• _Assigned task_: What you output must match the entries exactly, apart from the pictures, which are left out.

• _Data records_:
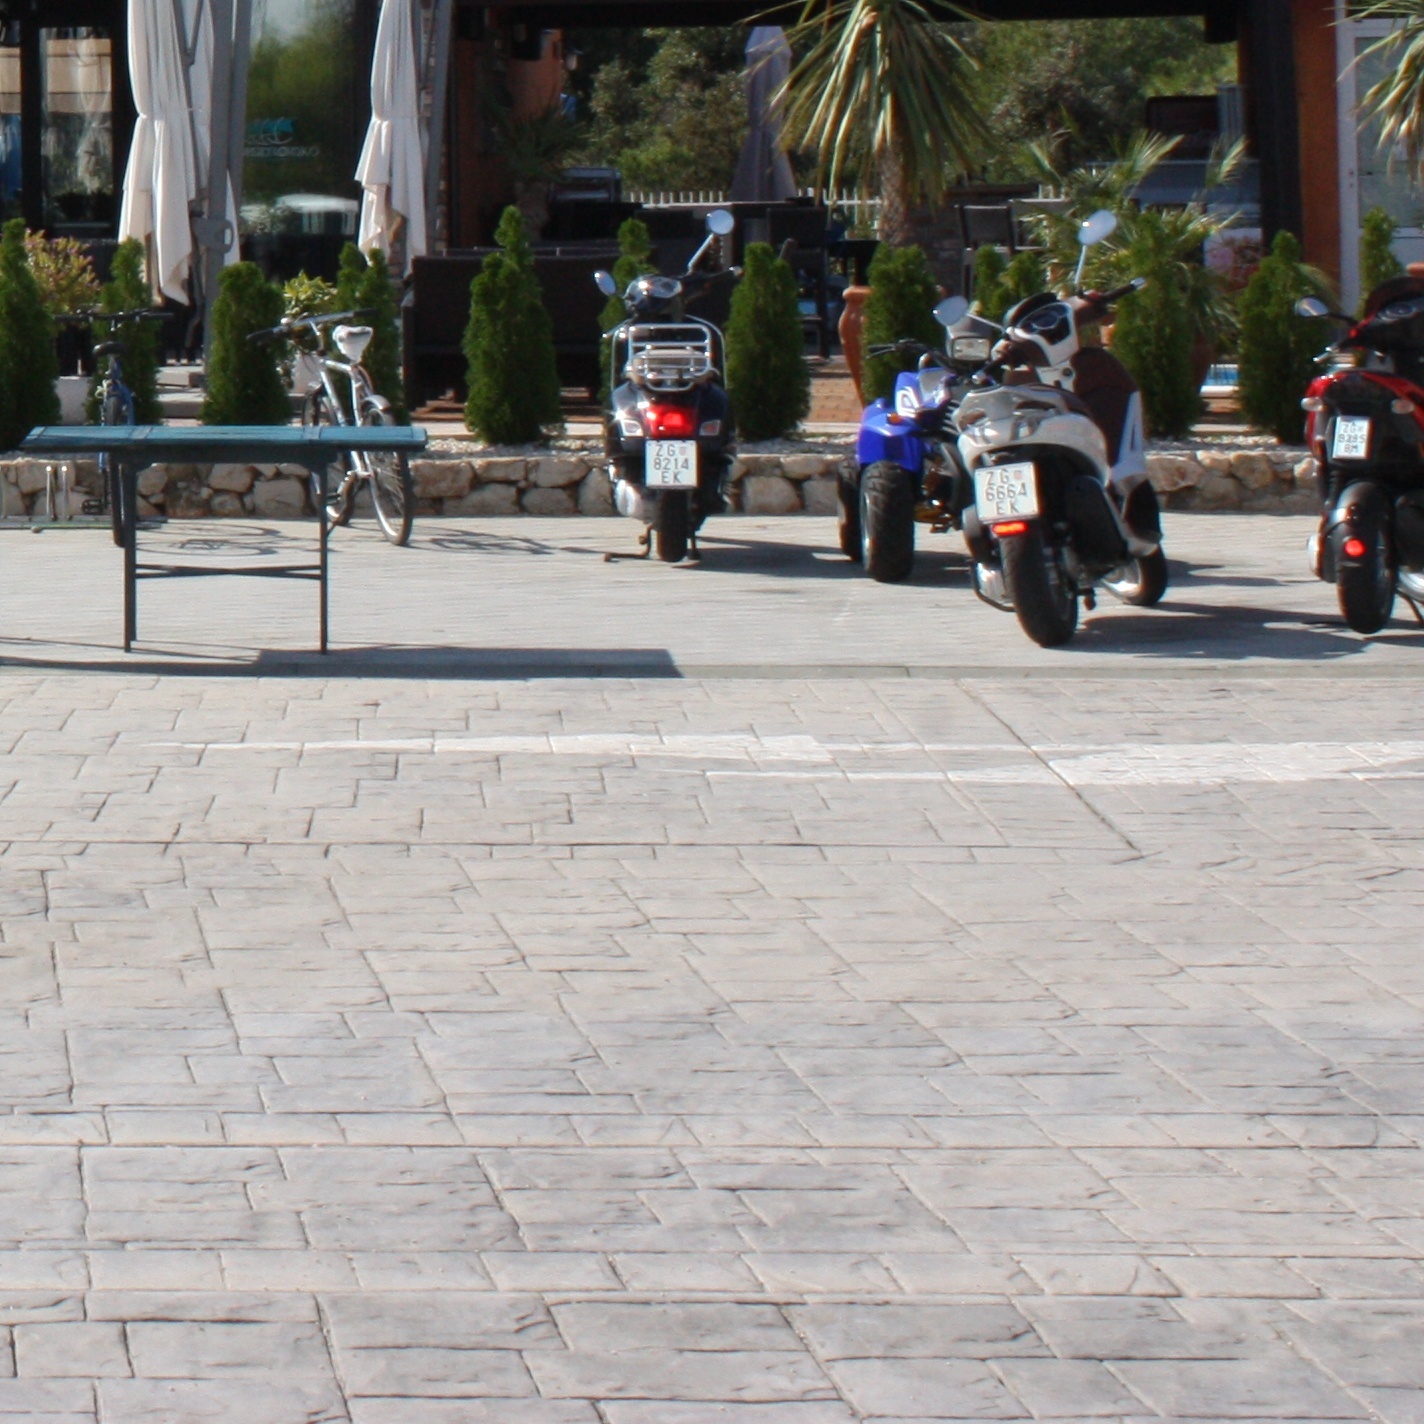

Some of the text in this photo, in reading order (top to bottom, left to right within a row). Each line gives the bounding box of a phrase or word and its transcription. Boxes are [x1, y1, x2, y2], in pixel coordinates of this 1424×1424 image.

[655, 443, 676, 457] ZG
[653, 457, 690, 470] 8214
[661, 470, 682, 484] EK
[986, 467, 1010, 486] ZG
[985, 482, 1028, 502] 6664
[995, 498, 1020, 515] EK

• _Finished task_:
Some of the text in this photo, in reading order (top to bottom, left to right within a row). Each line gives the bounding box of a phrase or word and its transcription. Boxes are [x1, y1, x2, y2], in pixel coordinates of this 1424×1424 image.

[655, 443, 676, 457] ZG
[653, 457, 690, 470] 8214
[661, 470, 682, 484] EK
[986, 467, 1010, 486] ZG
[985, 482, 1028, 502] 6664
[995, 498, 1020, 515] EK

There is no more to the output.